MOTIFS DE LA DECISION
La S.C.I. HOLLY produit notamment la copie du bail commercial du 19 janvier 2010 fixant la durée du bail à 9 ans à compter du 1er février 2010 et du jugement du juge des loyers commerciaux du 10 juin 2024 fixant le loyer du bail renouvelé au 31 janvier 2019 à 11 200 €, ainsi que la copie de l’acte de signification de cette décision à la S.A.SU. FRANCE NOUNOUS le 19 juillet 2024.
La circonstance selon laquelle le congé avec offre de renouvellement du 21 septembre 2018 avait été donné par le bailleur au preneur pour le 31 mars 2019 ne saurait avoir pour effet de modifier la date de renouvellement du bail constatée postérieurement dans le jugement rendu le 10 juin 2024 à la demande conjointe des parties à effet du 31 janvier 2019, alors qu’aucun appel n’a été interjeté contre ce jugement.
Il s’ensuit que la S.A.S.U. FRANCE NOUNOUS ne peut se prévaloir d’un congé donné de manière irrégulière pour la date erronée du 31 mars 2025 ni prétendre à l’existence d’une contestation sérieuse, alors même qu’elle n’a pas restitué les lieux régulièrement puisqu’elle ne conteste pas que son enseigne est toujours présente, le fait qu’elle soit facile à décoller n’étant pas de nature à l’exonérer de son obligation de l’enlever, qu’elle n’a pas rendu les clés, et qu’elle a fait établir un constat sans même convoquer le bailleur à y participer.

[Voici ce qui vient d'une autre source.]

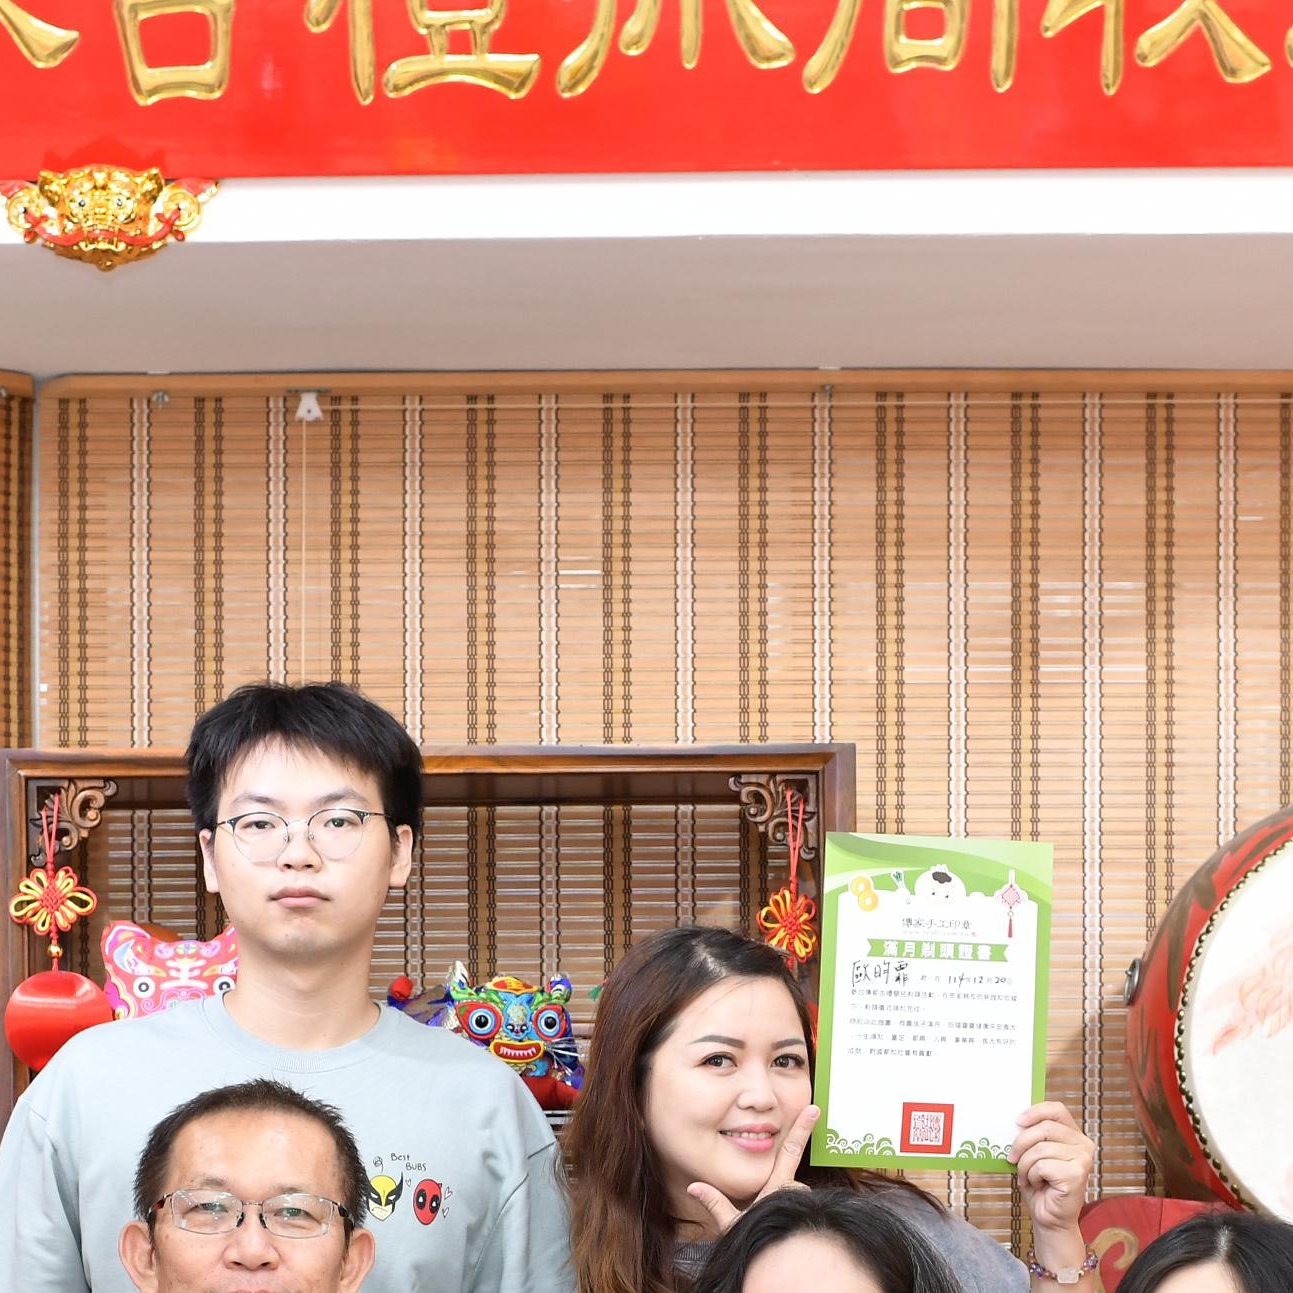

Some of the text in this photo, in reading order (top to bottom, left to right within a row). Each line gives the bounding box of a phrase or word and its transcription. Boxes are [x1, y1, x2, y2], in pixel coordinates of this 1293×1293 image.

[902, 917, 971, 930] 傳家手工印章
[390, 1153, 410, 1161] Best
[405, 1162, 427, 1171] BUBS

Il convient donc de faire droit à la demande de provision sur les loyers impayés depuis le 1er avril 2025, soit selon les pièces produites, un total de 13 120,32 €, y compris les charges et taxes jusqu’au 31 octobre 2025.
Il est équitable de fixer à 1 500 € l’indemnité qui sera due par la défenderesse en application de l’article 700 du code de procédure civile pour les frais non compris dans les dépens.
DECISION
Par ces motifs, Nous, juge des référés, statuant publiquement, par ordonnance contradictoire et en premier ressort,
Condamnons la S.A.S.U. FRANCE NOUNOUS à payer à la S.C.I. HOLLY la somme de 13 120,32 € au titre des loyers, charges et taxes impayés jusqu’au 31 octobre 2025 et celle de 1 500,00 € en application de l’article 700 du code de procédure civile,
Condamnons la S.A.S.U. FRANCE NOUNOUS aux dépens.